Signs and symptoms of heart valve problems such as:
- Shortness of breath
- Irregular heartbeat
- Swollen feet or ankles
- Chest pain
- Fainting (syncope)
PRECAUTIONS WHICH LOWER THE RISK OF HEART DISEASE
- Maintain a healthy blood pressure level: Heart disease is caused by high blood pressure, which is a key risk factor. It is recommended to have your blood pressure checked on a regular basis at least once a year for most individuals, and much more frequently if you have high blood pressure. Take actions to avoid or control high blood pressure, including making lifestyle changes.

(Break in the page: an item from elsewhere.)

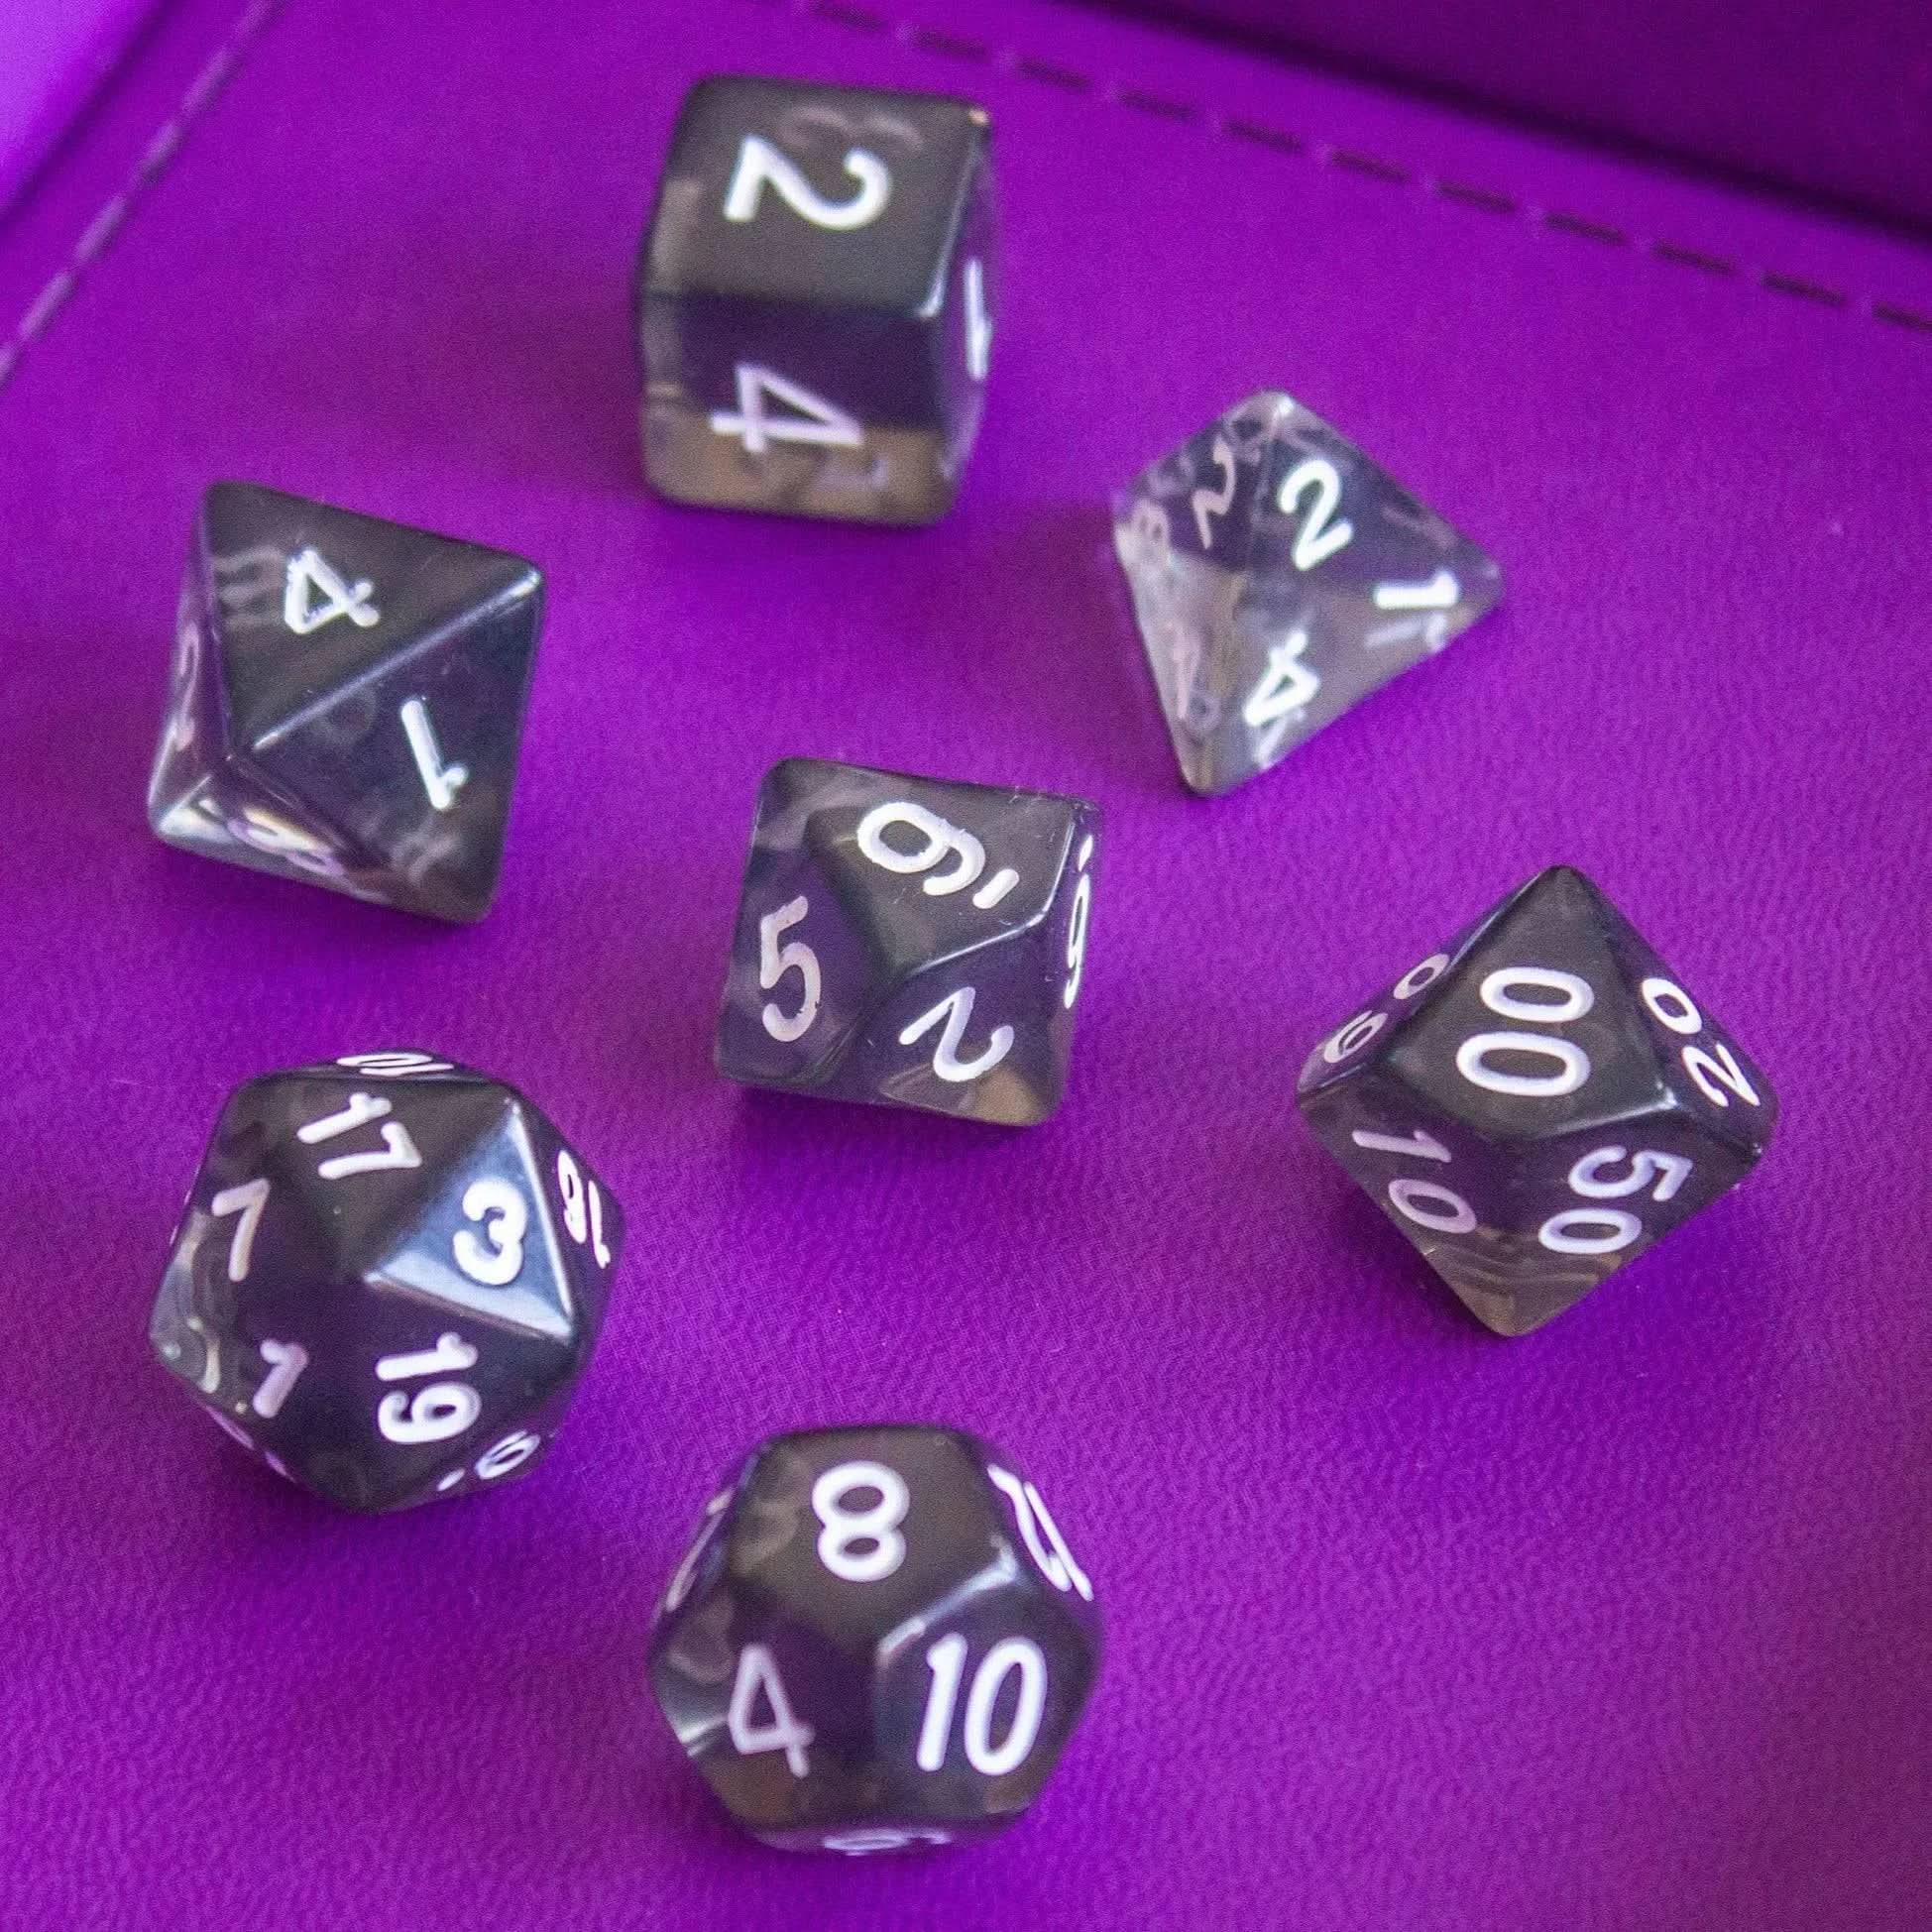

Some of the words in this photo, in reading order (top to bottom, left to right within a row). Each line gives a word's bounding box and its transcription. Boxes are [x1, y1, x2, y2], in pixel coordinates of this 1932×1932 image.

- Maintain a healthy level of cholesterol and triglyceride: increased level of cholesterol increases the clogging in arteries due to which coronary artery disease and heart stroke risk increase. Cholesterol can be reduced through a combination of lifestyle changes and medications. Triglycerides are a type of fat found in the bloodstream. High triglyceride levels can also increase the risk of coronary heart disease, particularly in women.
- Maintain a healthy body weight: Being overweight or obese can increase your risk of heart disease. This is largely due to their association with other risk factors for heart disease such as high blood cholesterol and triglyceride levels, high blood pressure, and diabetes. These risks can be reduced if you maintain a healthy weight.
- Maintain a balanced diet: Limit saturated fats, high-sodium foods, and extra sweets. Eat a variety of fruits, vegetables, and whole grains. The DASH diet is an example of a diet plan that can help lower blood pressure and cholesterol, two factors that can reduce the risk of heart disease.
- Get some exercise on a regular basis: Exercise offers numerous advantages, including strengthening the heart and increasing circulation. It can also aid in the maintenance of a healthy weight as well as the reduction of cholesterol and blood pressure. These activities can help you avoid heart disease.
- Alcohol consumed should be reduced: Too much alcohol might cause your blood pressure to rise and add more calories, which leads to weight gain. And both factors increase the chances of developing heart disease. Men should limit themselves to one alcoholic drink each day.
- Quit smoking: Cigarette smoking elevates blood pressure and increases your risk of heart attack and stroke. Don’t start smoking if you don’t already. If you smoke, quitting reduces your chances of developing heart disease. You can get assistance from your health care professional in determining the best method for you to quit.
- Manage your stress: In many ways, depression is linked to heart disease. It has the power to raise your blood pressure. Heart disease can be caused by major stressors. In addition, certain stress-relieving behaviors, such as overeating, heavy drinking, and smoking, are harmful to your heart. Exercising, listening to music, concentrating on something calm or quiet, and meditating on all the good techniques for controlling your stress.
- Control diabetes: Diabetes mellitus is twice as likely if you have diabetes. Diabetes causes high blood sugar, which damages the blood vessels and the nerves that control the heart and blood vessels over time. For this reason, it is important to get tested for diabetes and, if diagnosed, to keep it under control.
- Adequate amount of sleep: You increase your chances of high blood pressure, obesity, and diabetes if you don’t get enough sleep. These three factors can increase your chances of developing heart disease. The average adult requires at least 7 to 9 hours of sleep per night. Make sure you’re getting enough sleep. If you have trouble sleeping on a regular basis, talk to your doctor. Sleep apnea is a condition that causes people to lack breathing for small periods of time while sleeping. This makes it difficult to get a decent night’s sleep and increases your risk of heart disease. If you feel you have it, speak with your doctor about getting a sound sleep. Also, if you do have sleep apnea, get it treated as soon as possible.